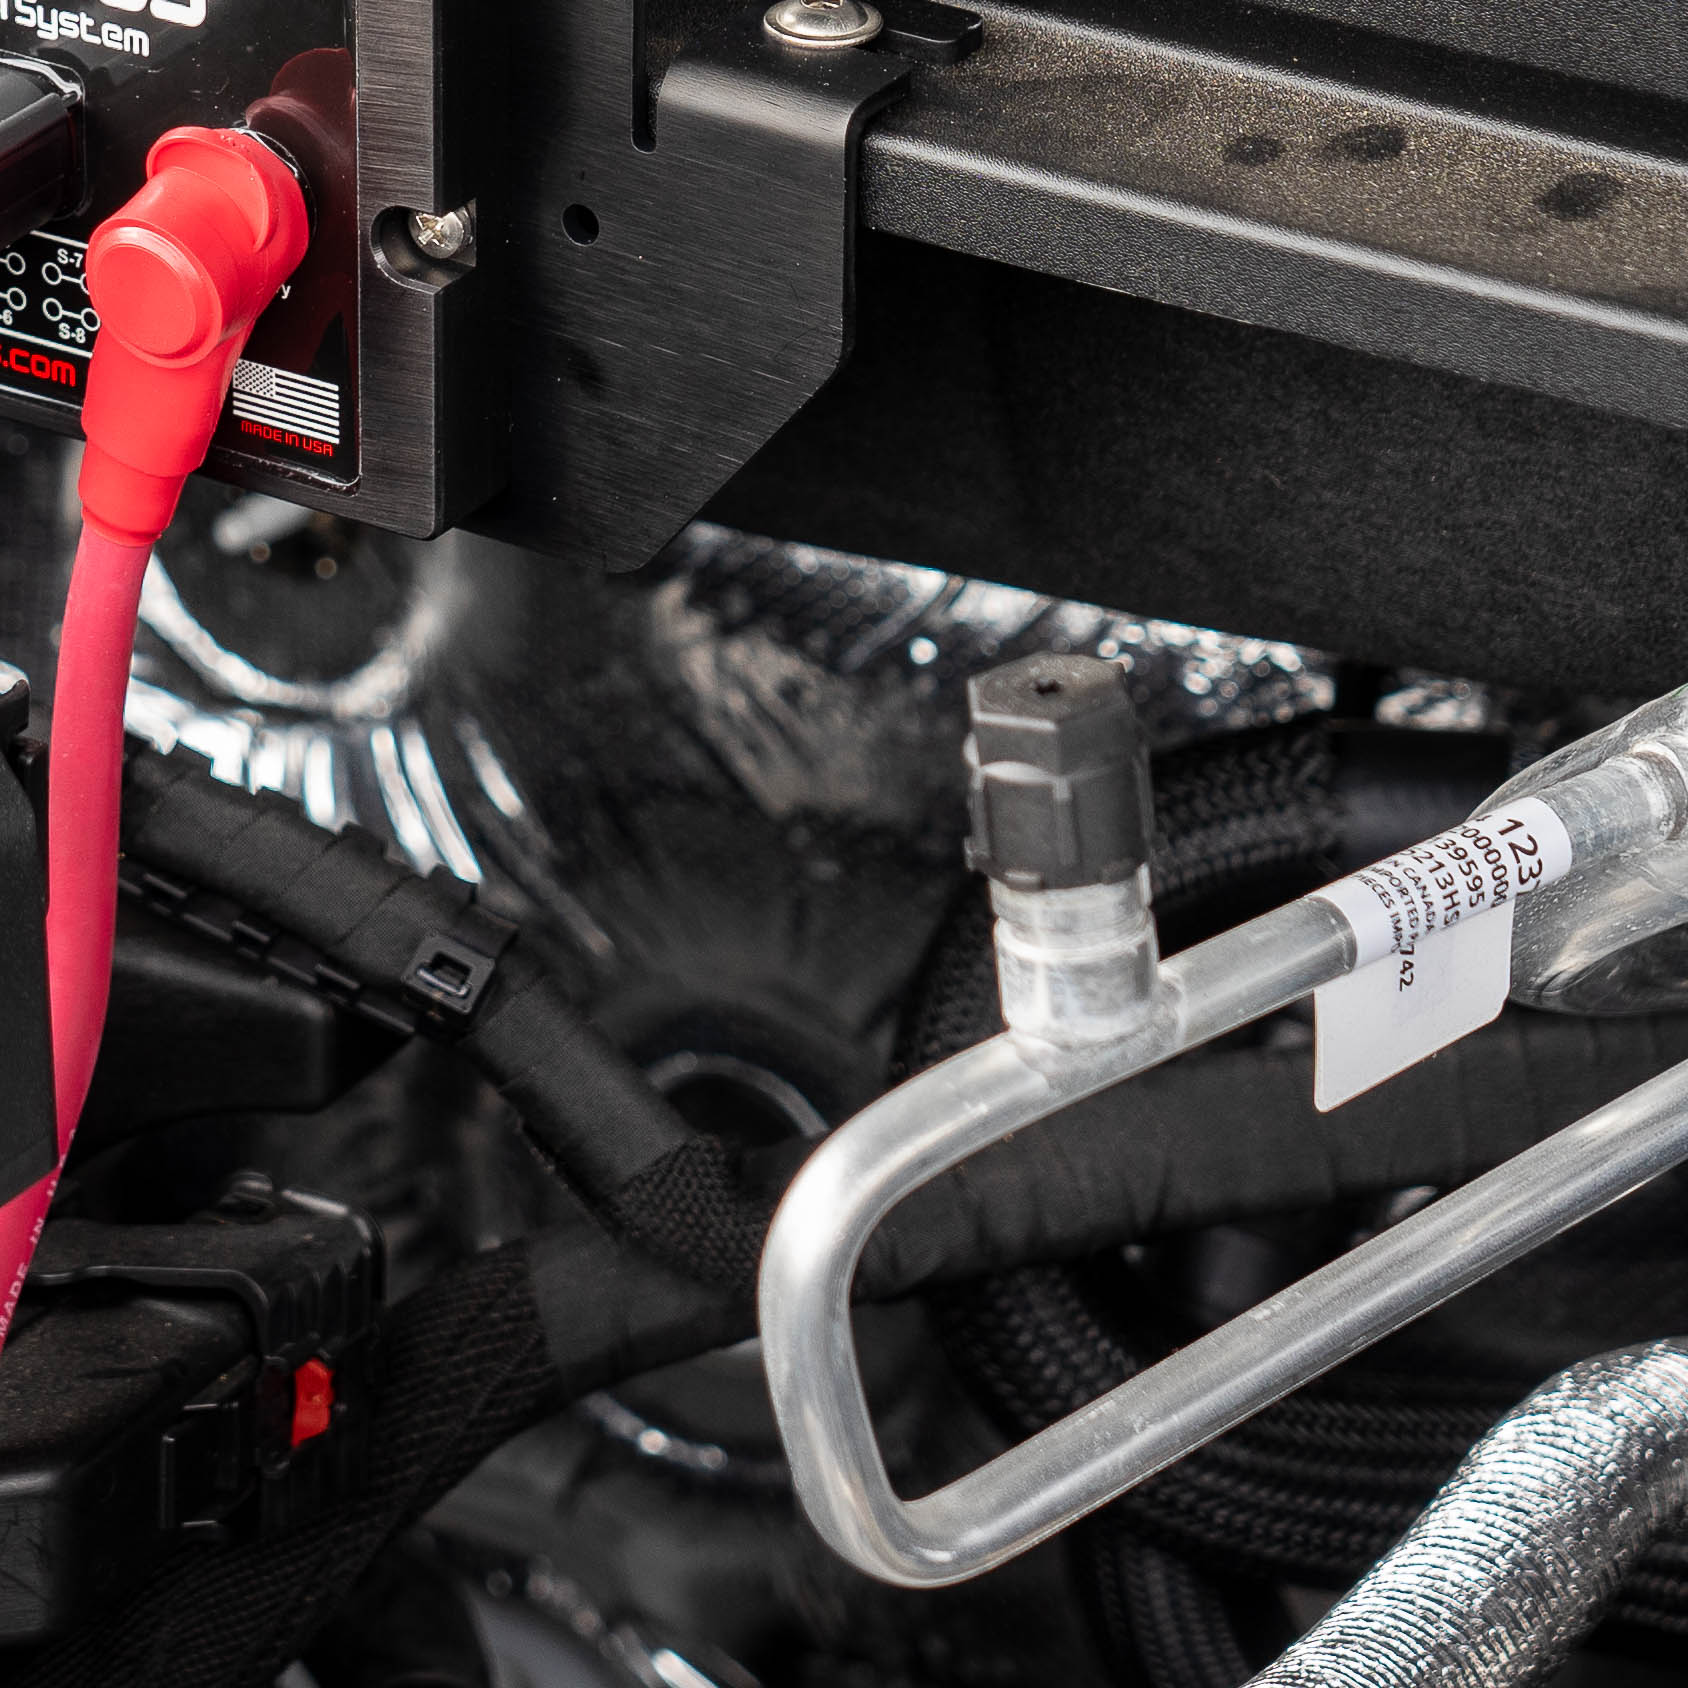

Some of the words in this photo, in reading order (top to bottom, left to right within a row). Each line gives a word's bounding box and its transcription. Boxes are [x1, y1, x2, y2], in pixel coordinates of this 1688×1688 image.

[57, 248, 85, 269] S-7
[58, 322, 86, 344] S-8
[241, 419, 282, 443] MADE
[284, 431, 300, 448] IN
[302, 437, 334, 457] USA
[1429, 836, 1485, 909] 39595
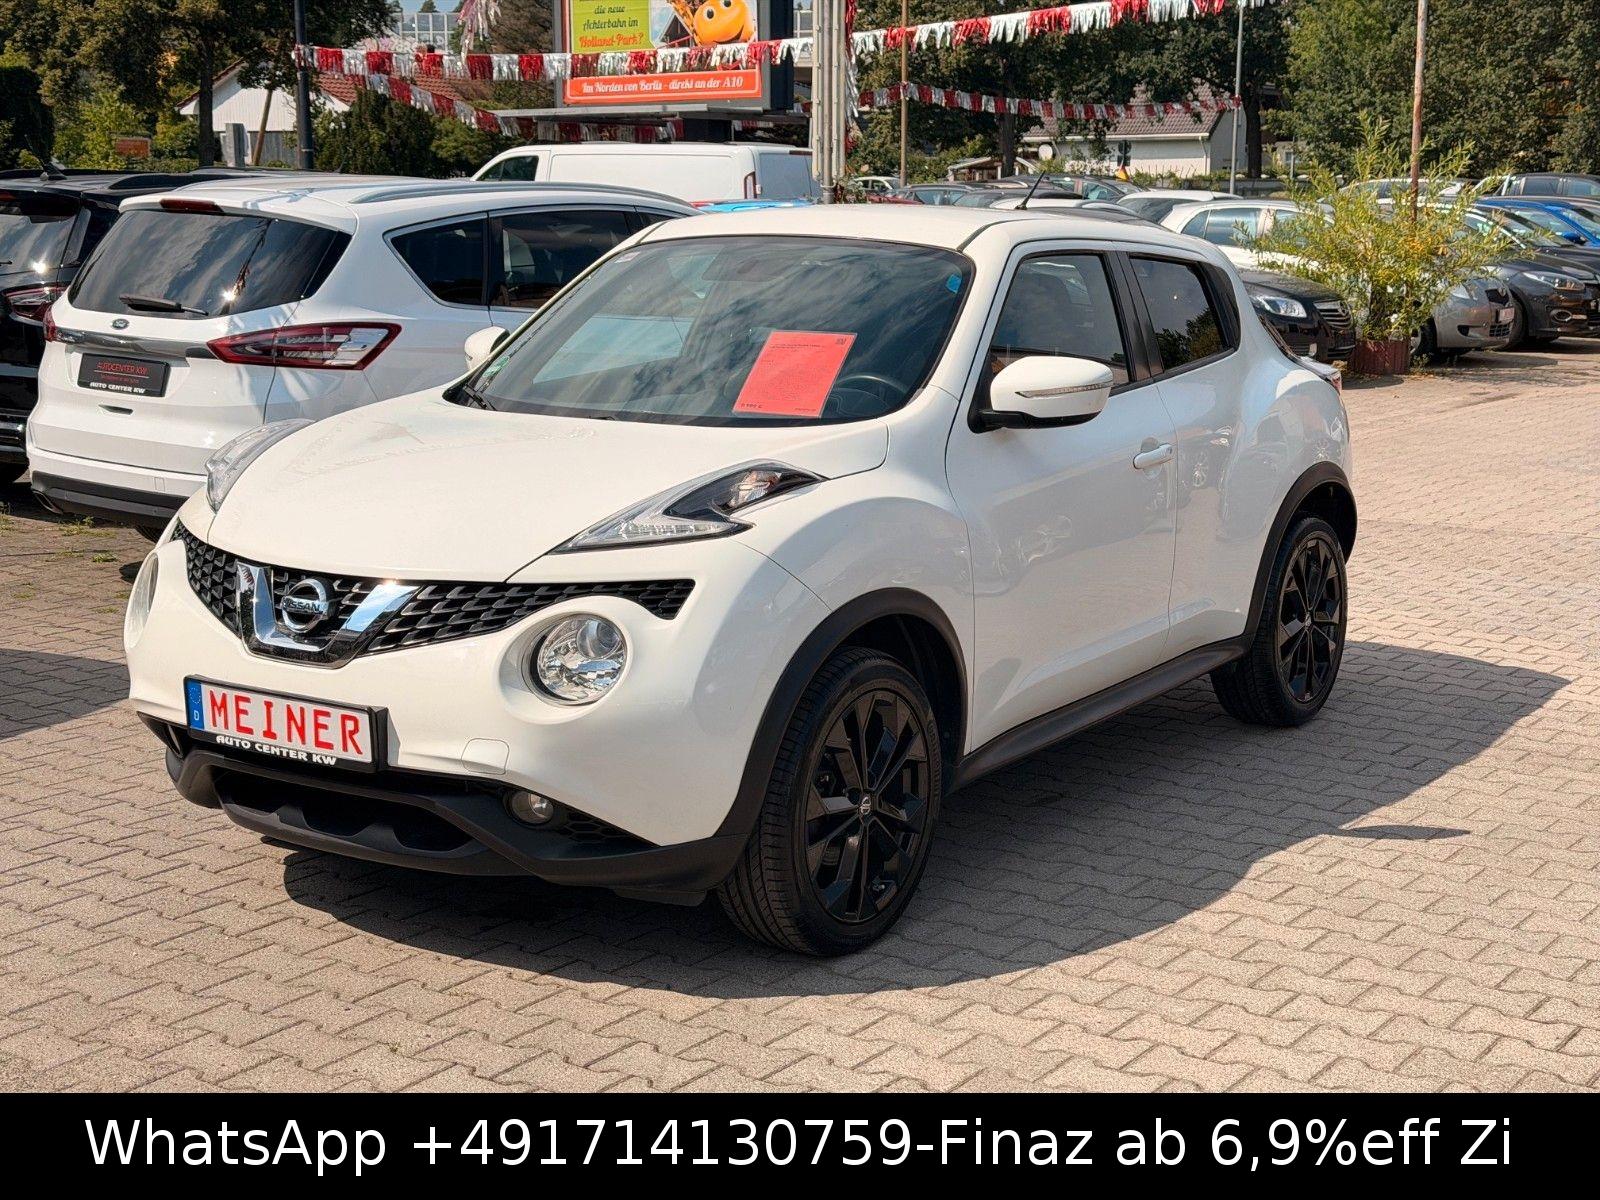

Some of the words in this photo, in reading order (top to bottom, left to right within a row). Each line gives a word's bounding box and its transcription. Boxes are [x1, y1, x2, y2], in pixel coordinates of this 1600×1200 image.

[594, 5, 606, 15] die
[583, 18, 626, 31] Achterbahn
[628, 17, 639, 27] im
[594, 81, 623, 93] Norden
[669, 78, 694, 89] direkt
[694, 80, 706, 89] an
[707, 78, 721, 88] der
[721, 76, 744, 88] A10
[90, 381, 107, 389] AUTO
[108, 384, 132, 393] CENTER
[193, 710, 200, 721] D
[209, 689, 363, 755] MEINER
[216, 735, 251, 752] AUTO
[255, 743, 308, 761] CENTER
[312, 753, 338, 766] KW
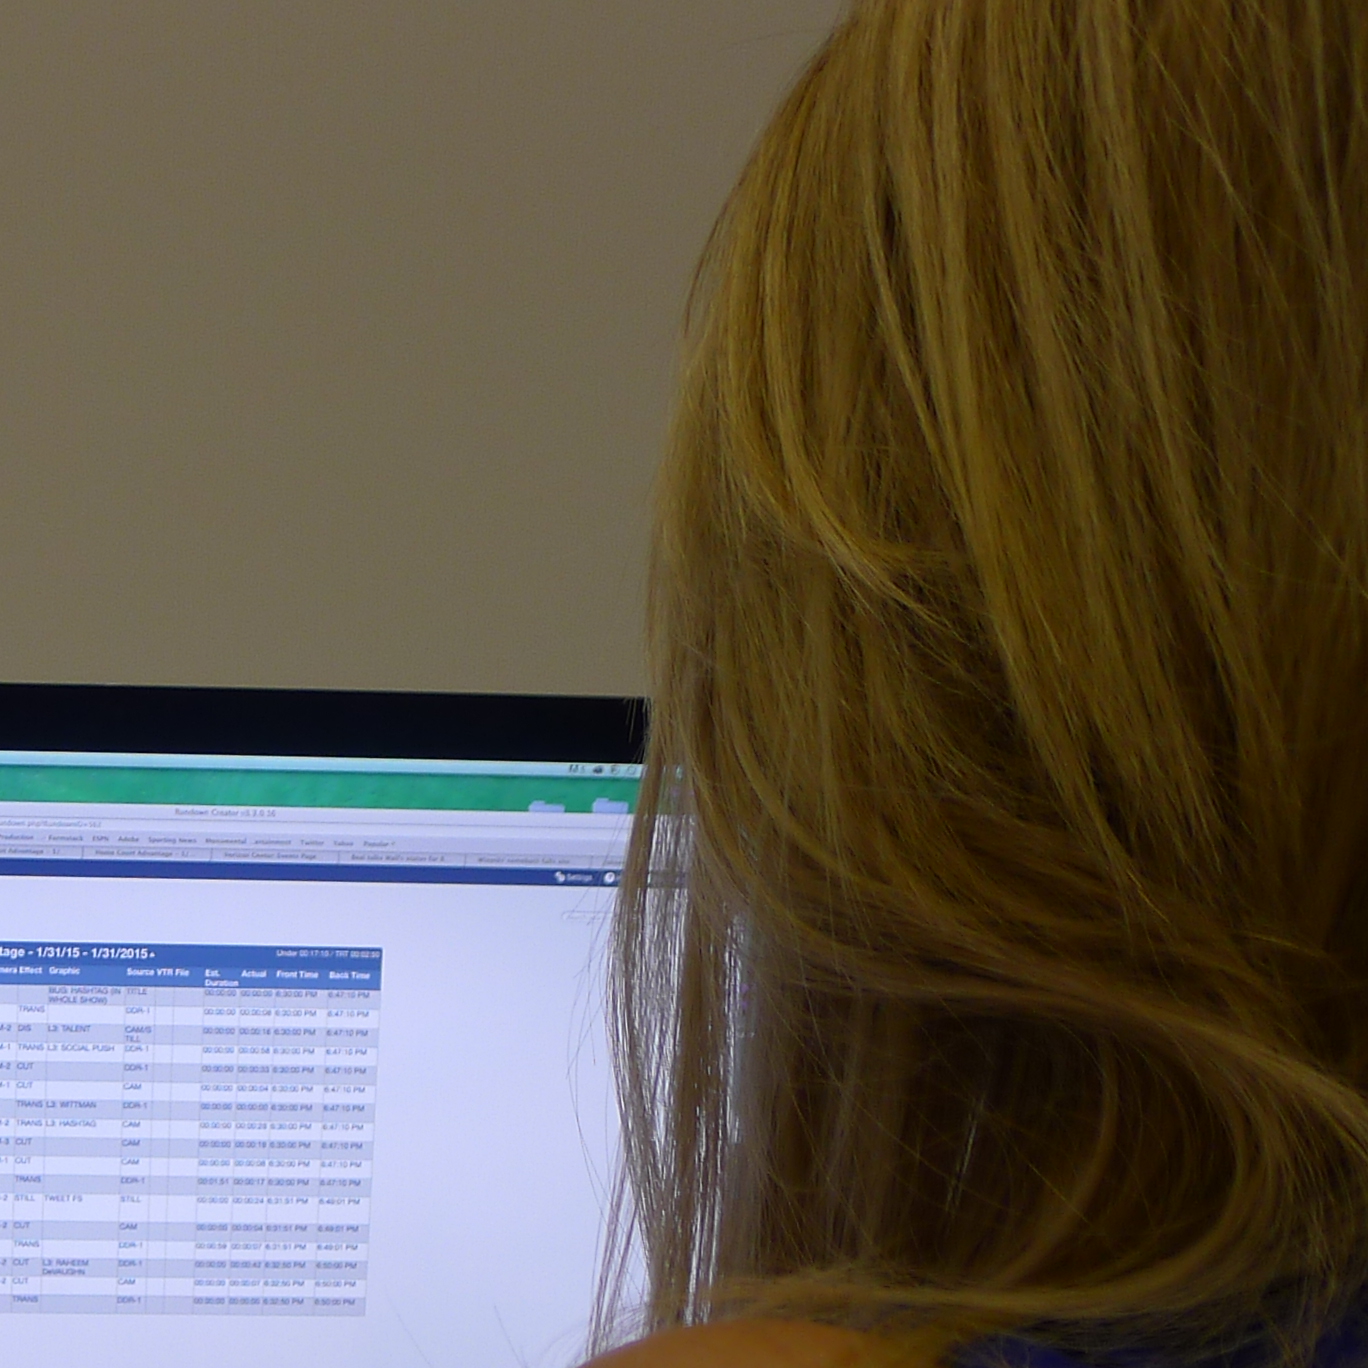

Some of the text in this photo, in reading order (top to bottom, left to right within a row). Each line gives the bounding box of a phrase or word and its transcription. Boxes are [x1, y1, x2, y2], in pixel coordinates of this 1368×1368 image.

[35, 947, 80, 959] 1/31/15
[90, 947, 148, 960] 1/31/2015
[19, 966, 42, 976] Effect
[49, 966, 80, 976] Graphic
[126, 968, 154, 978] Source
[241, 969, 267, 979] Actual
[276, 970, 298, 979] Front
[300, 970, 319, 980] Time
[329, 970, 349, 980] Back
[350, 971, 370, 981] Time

━━━━━━━━━━━━━━━━

Pictures are to be dropped, and every record is to be copied exactly.

Answer section:
Some of the words in this photo, in reading order (top to bottom, left to right within a row). Each line gives a word's bounding box and its transcription. Boxes are [x1, y1, x2, y2], in pixel coordinates of this 1688×1688 image.

[57, 248, 85, 269] S-7
[58, 322, 86, 344] S-8
[241, 419, 282, 443] MADE
[284, 431, 300, 448] IN
[302, 437, 334, 457] USA
[1429, 836, 1485, 909] 39595

Some of the words in this photo, in reading order (top to bottom, left to right within a row). Each line gives a word's bounding box and its transcription. Boxes are [x1, y1, x2, y2], in pixel coordinates of this 1600×1200 image.

[594, 5, 606, 15] die
[583, 18, 626, 31] Achterbahn
[628, 17, 639, 27] im
[594, 81, 623, 93] Norden
[669, 78, 694, 89] direkt
[694, 80, 706, 89] an
[707, 78, 721, 88] der
[721, 76, 744, 88] A10
[90, 381, 107, 389] AUTO
[108, 384, 132, 393] CENTER
[193, 710, 200, 721] D
[209, 689, 363, 755] MEINER
[216, 735, 251, 752] AUTO
[255, 743, 308, 761] CENTER
[312, 753, 338, 766] KW

Some of the text in this photo, in reading order (top to bottom, left to right within a row). Each line gives the bounding box of a phrase or word and its transcription. Boxes are [x1, y1, x2, y2], in pixel coordinates of this 1368×1368 image.

[35, 947, 80, 959] 1/31/15
[90, 947, 148, 960] 1/31/2015
[19, 966, 42, 976] Effect
[49, 966, 80, 976] Graphic
[126, 968, 154, 978] Source
[241, 969, 267, 979] Actual
[276, 970, 298, 979] Front
[300, 970, 319, 980] Time
[329, 970, 349, 980] Back
[350, 971, 370, 981] Time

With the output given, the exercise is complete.